Mumbai has always grown by shedding its skin. From the original seven islands to the sprawl of Navi Mumbai, the city’s history is one of outward leaps to relieve inward pressure. The proposed ‘Third Mumbai’ project, the brainchild of Union Minister Nitin Gadkari, is perhaps most ambitious of these expansions. Spread across more than 320 sq. km in Raigad, it promises to turn 124 villages in Uran, Panvel and Pen into a new economic frontier. The question is not whether Mumbai needs such an outlet. It plainly does. The question is whether it can be built without repeating the mistakes of the past.


On paper, the project is alluring. Anchored by the Navi Mumbai International Airport and the Mumbai Trans Harbour Link, and bolstered by plans for a parallel Pune-Mumbai expressway and water transport, Mumbai 3.0 aims to create a logistics and services hub with global ambitions. The blueprint reads like a planner’s wish list and includes data centres, fintech clusters, an ‘Edu City,’ mixed-use neighbourhoods and transit-oriented development. In a region where congestion chokes productivity and real estate prices exclude all but the wealthy, the promise of a planned, polycentric city is hard to resist.


Yet Indian urbanisation has often stumbled not in vision but in its execution, especially where land is concerned. The Mumbai Metropolitan Region Development Authority’s (MMRDA), which recently announced a land acquisition blueprint, is offering landowners a menu of options: cash compensation, Transferable Development Rights (TDR), Floor Space Index (FSI), or a 22.5 percent of developed land.


The rhetoric, emphasising “participatory” and “people-centric” development, reflects a shift away from the heavy-handedness that has marred earlier projects. If done in this spirit, it will be eminently sensible politics. It is also sound economics.


Still, voluntariness in land acquisition is a delicate claim. Social pressure, information asymmetry and unequal bargaining power can blur the line between consent and compulsion. Farmers, asked to submit Aadhaar-linked documents and navigate online consent systems, may find themselves at a disadvantage against a well-oiled bureaucracy.

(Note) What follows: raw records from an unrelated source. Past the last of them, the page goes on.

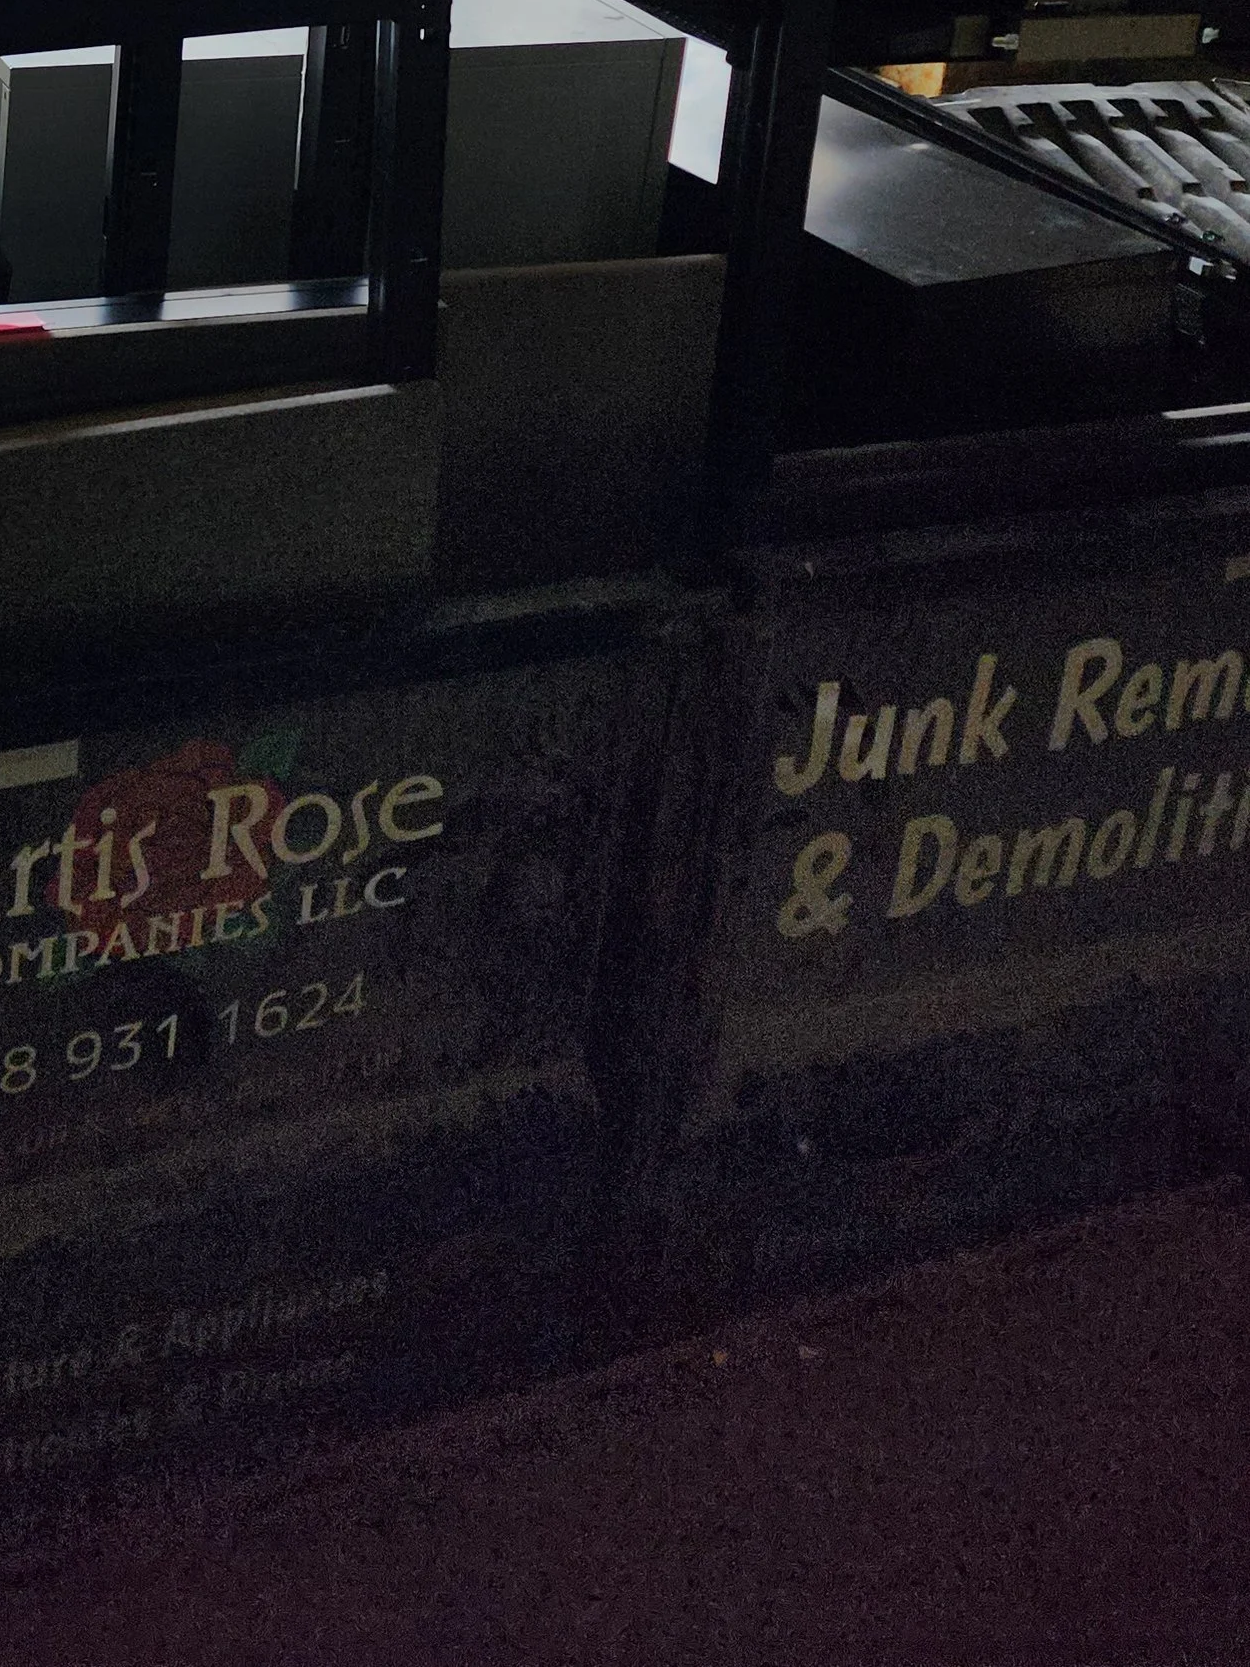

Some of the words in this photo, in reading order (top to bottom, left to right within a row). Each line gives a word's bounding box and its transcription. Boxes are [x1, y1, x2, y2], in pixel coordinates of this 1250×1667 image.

[773, 653, 1018, 797] Junk
[1048, 636, 1250, 751] Rem
[200, 774, 444, 881] Rose
[296, 866, 408, 925] LLC
[775, 831, 853, 938] &
[65, 1014, 181, 1081] 931
[216, 972, 367, 1045] 1624
[160, 1269, 389, 1358] Appliances

Officials say mangroves, forests and Coastal Regulation Zone areas will be avoided. In a region as ecologically fragile as coastal Maharashtra, that is necessary but not sufficient. The cumulative impact of large-scale urbanisation on water tables, flood patterns and biodiversity rarely respects neat administrative boundaries. Mumbai’s own recent history of flooding offers a cautionary tale of what happens when development outruns ecological prudence.

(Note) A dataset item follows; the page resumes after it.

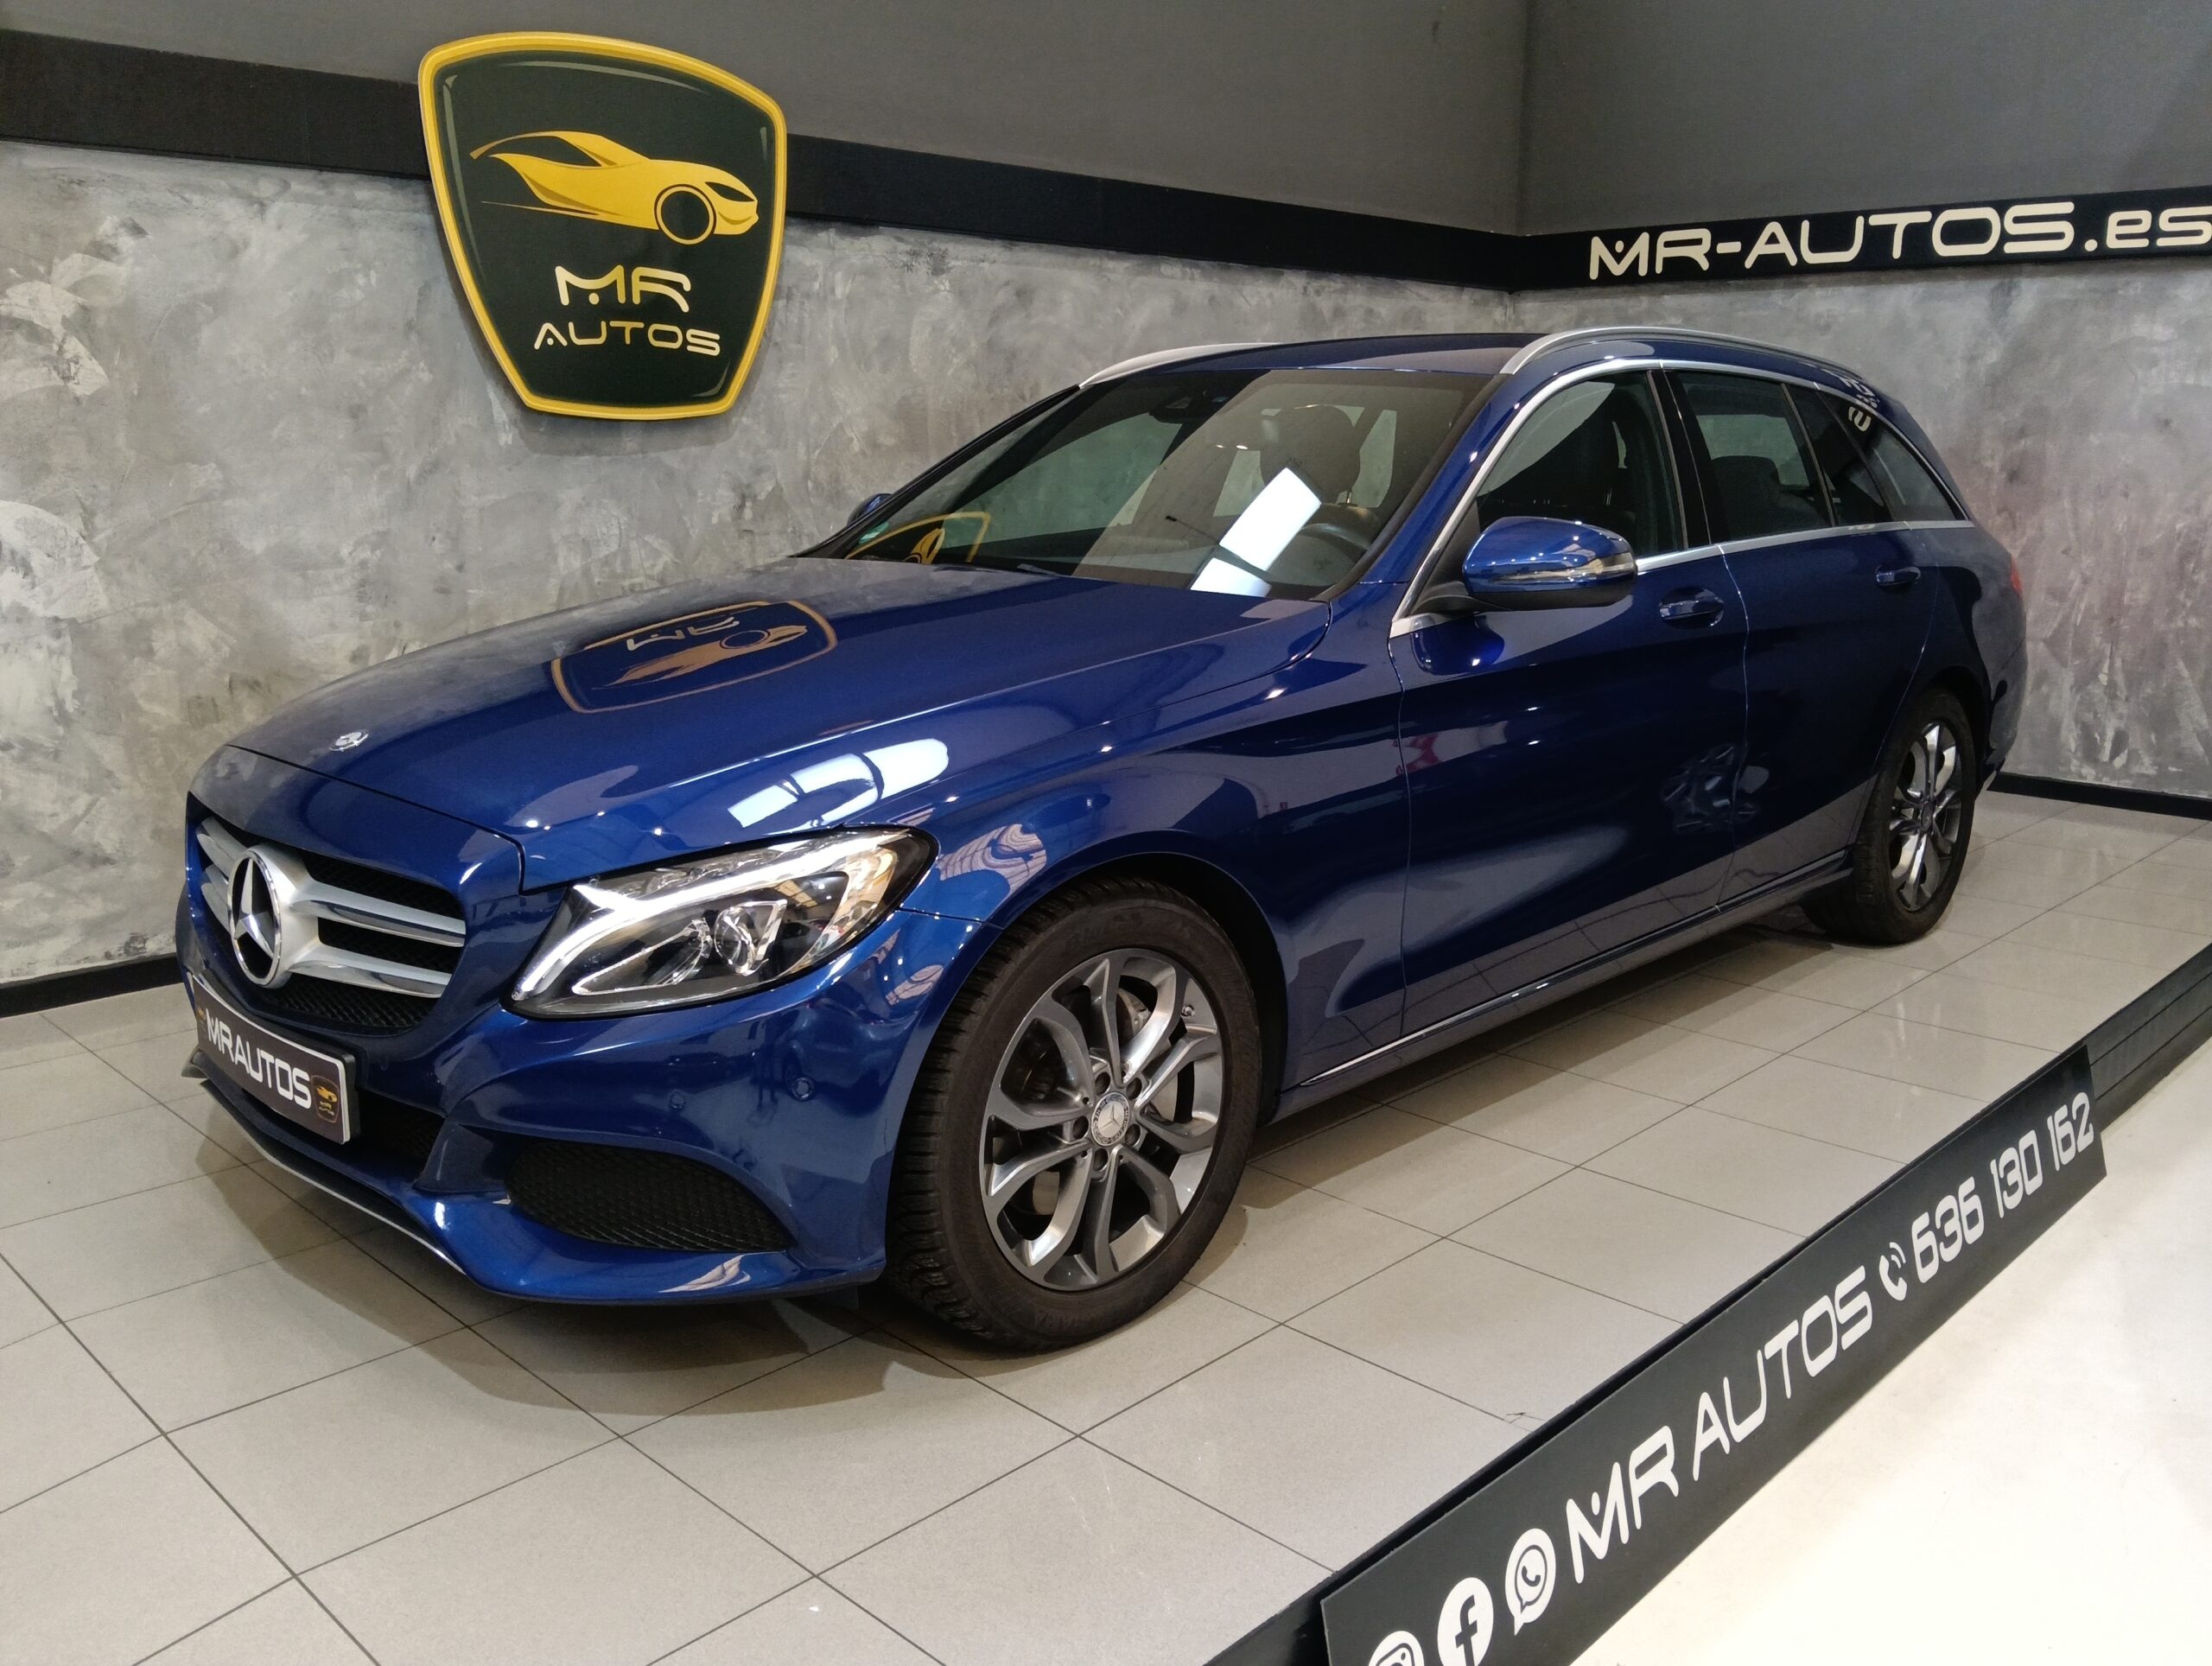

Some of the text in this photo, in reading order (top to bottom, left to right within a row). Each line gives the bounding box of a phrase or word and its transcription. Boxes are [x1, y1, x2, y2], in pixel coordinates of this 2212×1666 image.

[1589, 201, 2212, 280] MR-AUTOS.es
[555, 264, 691, 313] MR
[534, 321, 721, 357] AUTOS
[1566, 1091, 2094, 1584] MR AUTOS 636 130 162

Then there is the familiar risk of speculative urbanism. Grand plans often promise inclusive growth but deliver enclaves for the affluent. That said, the inclusion of both luxury and affordable housing, and the emphasis on transit-oriented design, are encouraging.


Mumbai’s economic gravity demands new space. Third Mumbai could, if executed well, relieve pressure on the island city, deepen regional integration and create a template for more rational urban growth in India.